2. Let $\displaystyle u=2x-1$ so $\displaystyle du=2dx$

So $\displaystyle \int {xdx\over \sqrt{2x-1}} ={1\over 4} \int {(2x)(2dx)\over \sqrt{2x-1}}$

$\displaystyle ={1\over 4} \int {(u+1)du\over \sqrt{u}} ={1\over 4} \int (u^{1/2}+u^{-1/2})du$

3. Originally Posted by flyinhigh123
could someone help me integrate the following equations because i keep getting the wrong answer and i dont no why T.T thankyou !

a) x/[(2x-1)^1/2]
b) dt/dx = 1/{2[(4-x)^2]} and that x = 0 when t=0 find x in terms of t

btw i am using the u substitution method for these two questions

thankyou so much for any help given !! =)
For a), you can use integration by parts.

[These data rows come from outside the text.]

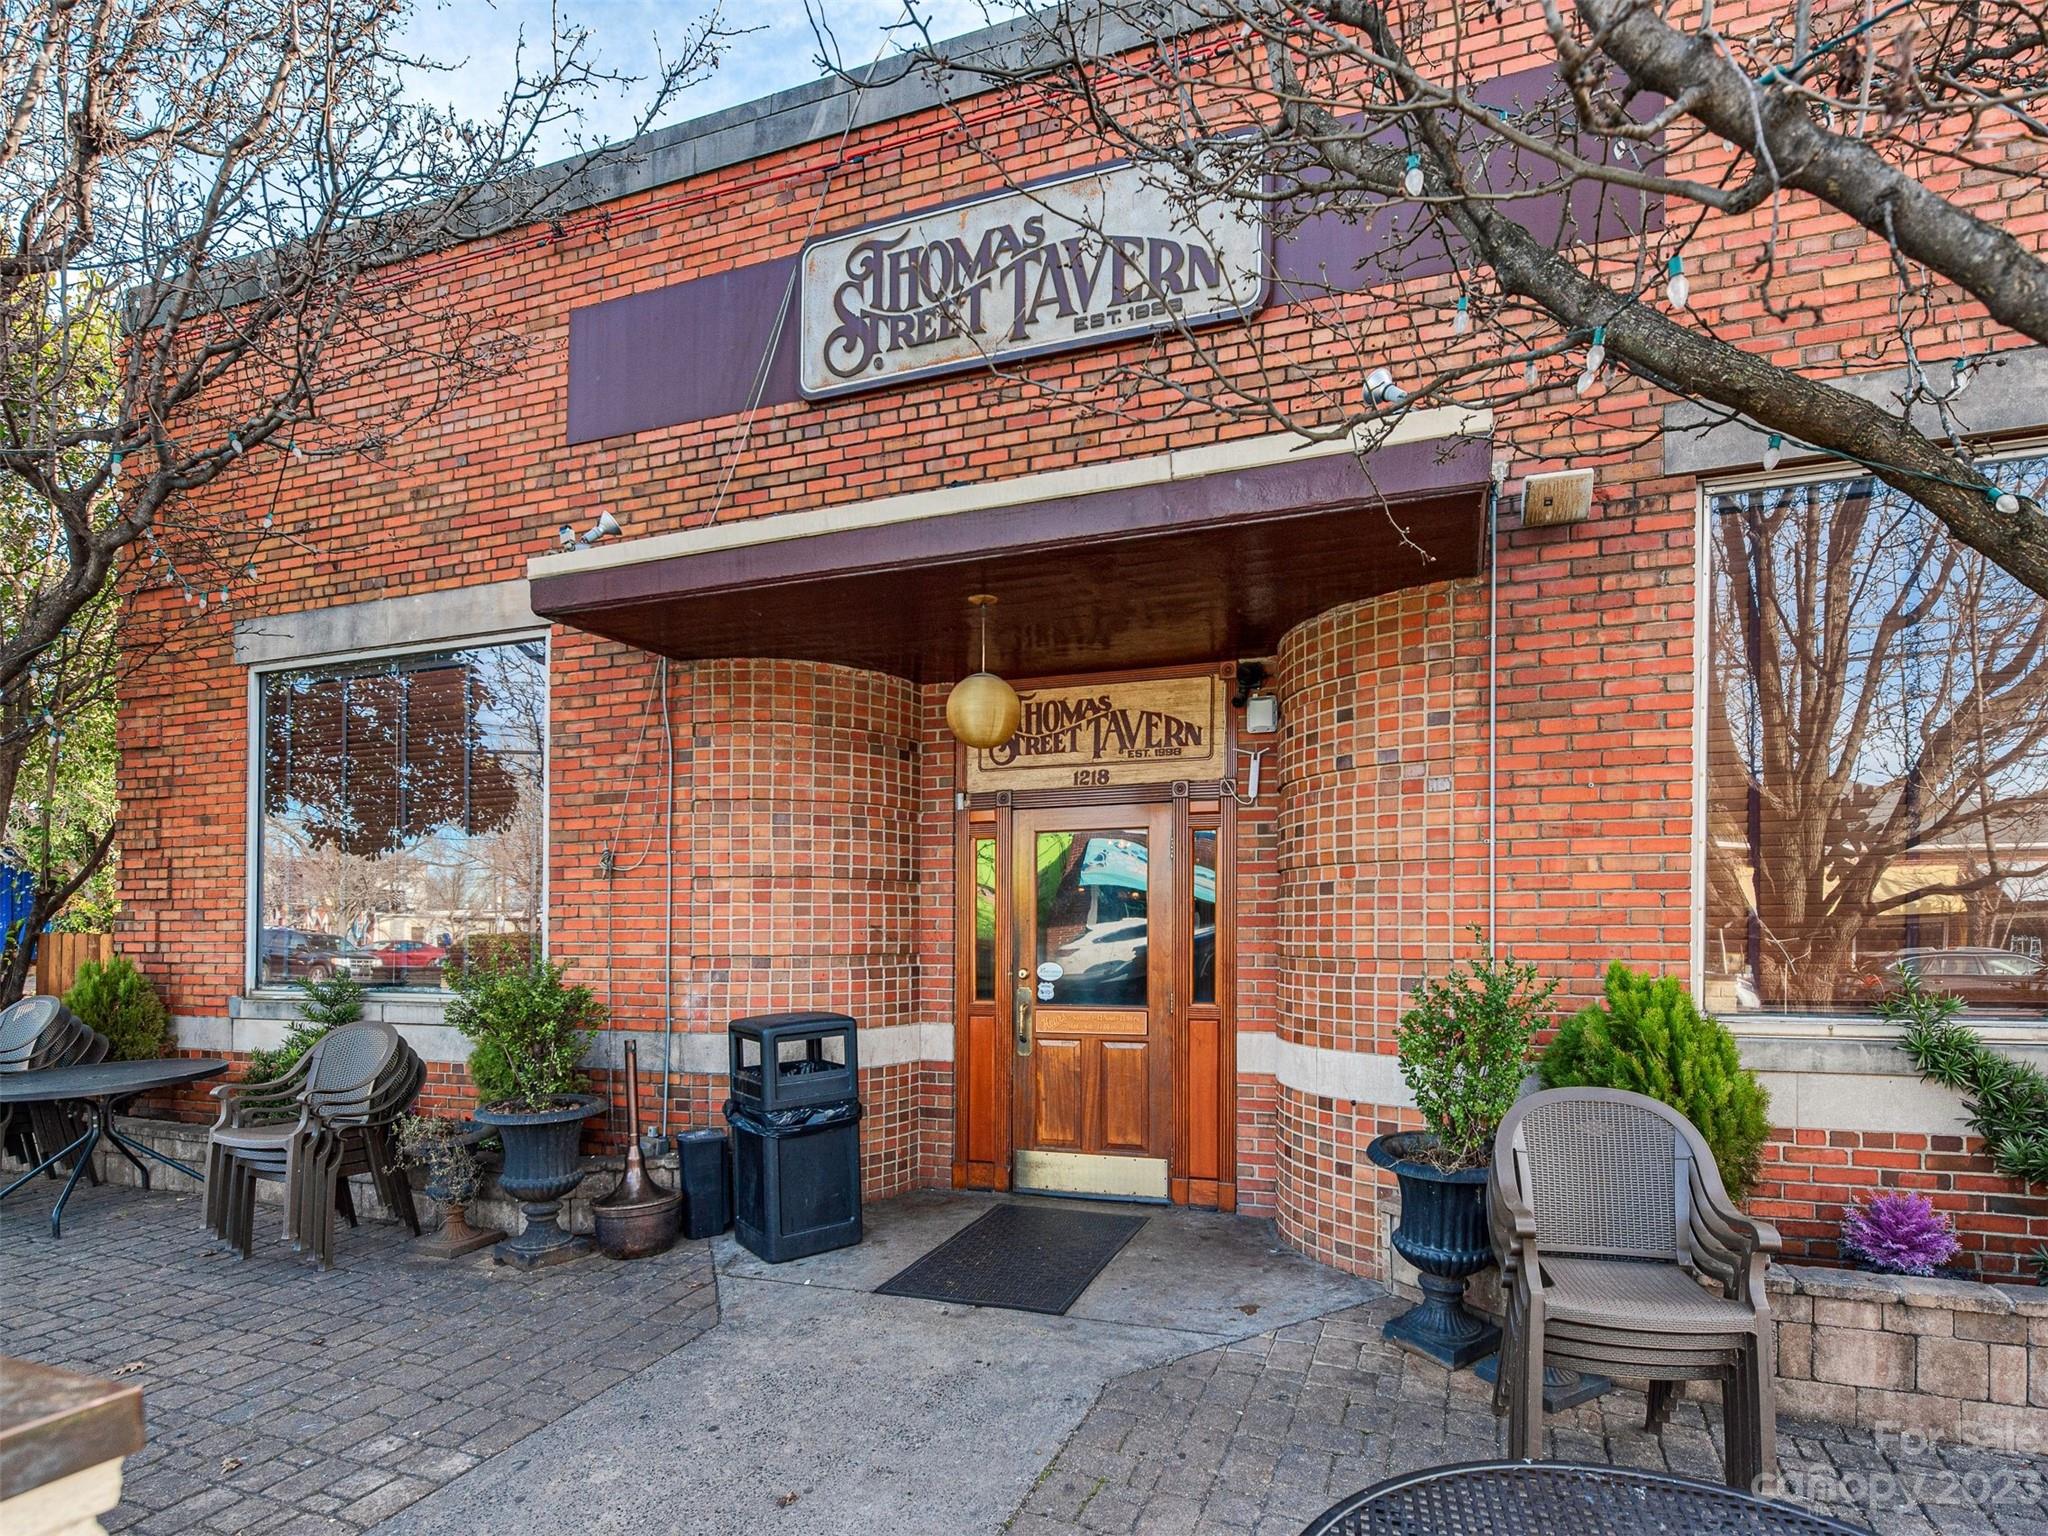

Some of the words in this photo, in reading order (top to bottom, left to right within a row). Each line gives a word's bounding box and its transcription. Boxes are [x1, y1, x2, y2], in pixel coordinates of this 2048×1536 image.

[845, 214, 1046, 313] THOMAS
[823, 277, 992, 378] STREET
[1000, 233, 1222, 343] TAVERN
[1073, 310, 1122, 333] EST.
[1085, 708, 1204, 759] TAVERN
[1127, 749, 1151, 759] EST.
[1073, 769, 1110, 786] 1218

Remember that $\displaystyle \int{u\,dv} = uv - \int{v\,du}$.

$\displaystyle \int{\frac{x}{(2x - 1)^{\frac{1}{2}}}\,dx} = \int{x(2x - 1)^{-\frac{1}{2}}\,dx}$.

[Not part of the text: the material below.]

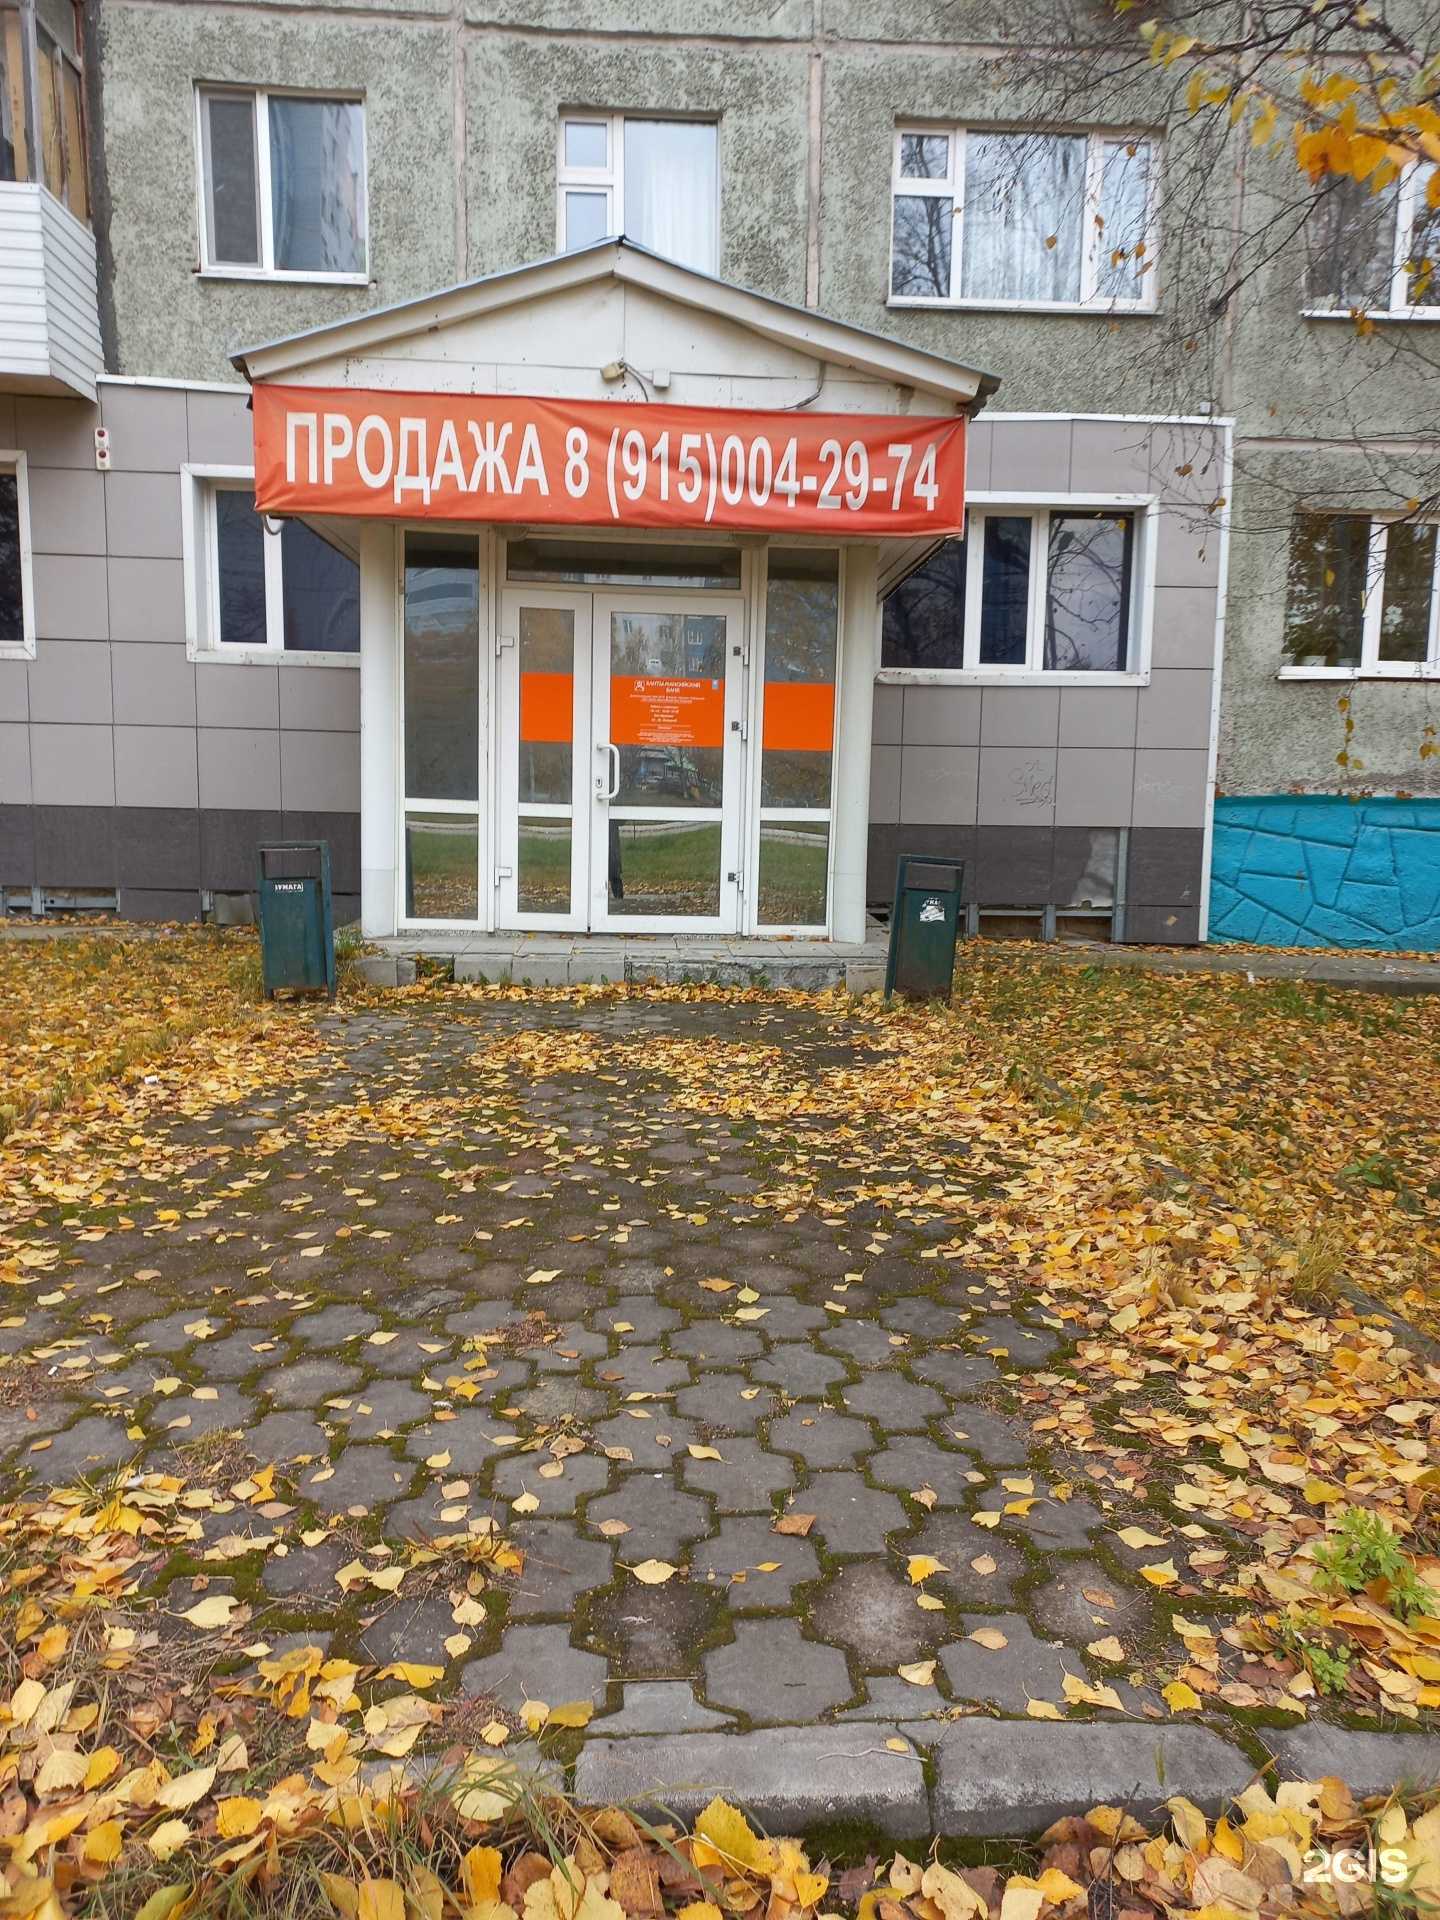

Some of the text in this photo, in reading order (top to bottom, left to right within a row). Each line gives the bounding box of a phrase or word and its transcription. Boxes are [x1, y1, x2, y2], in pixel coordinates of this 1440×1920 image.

Let $\displaystyle u = x$ so that $\displaystyle du = 1$.

Let $\displaystyle dv = (2x - 1)^{-\frac{1}{2}}$ so that $\displaystyle v = (2x - 1)^{\frac{1}{2}}$.

So $\displaystyle \int{\frac{x}{(2x - 1)^{\frac{1}{2}}}\,dx} = \int{x(2x - 1)^{-\frac{1}{2}}\,dx}$

$\displaystyle = x(2x - 1)^{\frac{1}{2}} - \int{(2x - 1)^{\frac{1}{2}}\,dx}$

$\displaystyle = x(2x - 1)^{\frac{1}{2}} - \frac{1}{3}(2x - 1)^{\frac{3}{2}} + C$.

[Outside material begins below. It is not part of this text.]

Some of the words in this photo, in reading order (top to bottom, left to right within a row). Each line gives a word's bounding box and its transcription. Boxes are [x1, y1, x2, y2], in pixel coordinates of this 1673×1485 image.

4. Originally Posted by flyinhigh123
could someone help me integrate the following equations because i keep getting the wrong answer and i dont no why T.T thankyou !

a) x/[(2x-1)^1/2]
b) dt/dx = 1/{2[(4-x)^2]} and that x = 0 when t=0 find x in terms of t

btw i am using the u substitution method for these two questions

thankyou so much for any help given !! =)
$\displaystyle \frac{dt}{dx} = \frac{1}{2(4 - x)^2}$

$\displaystyle = \frac{1}{2}(4 - x)^{-2}$

$\displaystyle = -\frac{1}{2}(4 - x)^{-2}(-1)$.

Let $\displaystyle u = 4 - x$ so that $\displaystyle \frac{du}{dx} = -1$

So

$\displaystyle t = \int{ \frac{1}{2(4 - x)^2}\,dx}$

$\displaystyle = -\frac{1}{2}\int{(4 - x)^{-2}(-1)\,dx}$

$\displaystyle = -\frac{1}{2}\int{u^{-2}\,\frac{du}{dx}\,dx}$

$\displaystyle = -\frac{1}{2}\int{u^{-2}\,du}$

$\displaystyle = \frac{1}{2}u^{-1} + C$

$\displaystyle = \frac{1}{2(4 - x)} + C$.

Now use your initial condition to find C.